In the spring summer, I crave meals that taste light, but offer enough hearty goodness to keep me full and energized. This vibrant Chicken and Lemon Orzo is exactly that!
Besides being delicious, the best thing about this dish is that it is extremely quick to throw together and provides a balanced and flavorful combination of protein and carbs to fill you up.

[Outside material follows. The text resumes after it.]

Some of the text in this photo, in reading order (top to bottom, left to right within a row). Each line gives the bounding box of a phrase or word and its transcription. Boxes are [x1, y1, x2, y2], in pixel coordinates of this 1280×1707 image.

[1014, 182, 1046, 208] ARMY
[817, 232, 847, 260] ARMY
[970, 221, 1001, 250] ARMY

Next time you’re in a pinch for a refreshingly simple supper, try this recipe!
- Cook time:
- Prep time:
- Total time:
- 1 lb. orzo
- 4 Tbsp. olive oil
- 4 Gerber's CARE Certified boneless skinless chicken breasts
- 1 yellow onion, peeled and small diced
- 2 garlic cloves, finely minced
- ½ cup white wine
- 1 cup grated parmesan cheese
- Juice of 1 lemon
- 3 Tbsp. fresh basil, chiffonade
- Salt and pepper, to taste
- Add the orzo to a large pot of boiling, salted water and cook for 5-7 minutes, or until al dente. Drain and run under cool water until chilled. Transfer the orzo to a bowl and toss with 2 Tbsp. of olive oil to keep the pasta from sticking. Set aside.
- Season the chicken breasts on both sides with salt and pepper and cook them in 2 Tbsp. of olive oil over medium-high heat for 5-6 minutes per side, or until golden brown and cooked throughout. Remove, slice and set aside.
- In the same pan over medium heat, add the onions and garlic. Sauté for 4-5 minutes, or until lightly browned.
- Deglaze with wine and cook until there are about 2-3 Tbsp. of liquid left.
- Add the orzo, parmesan cheese, lemon juice, salt and pepper. Mix until combined.
- Add the sliced chicken breast to the orzo and garnish with basil.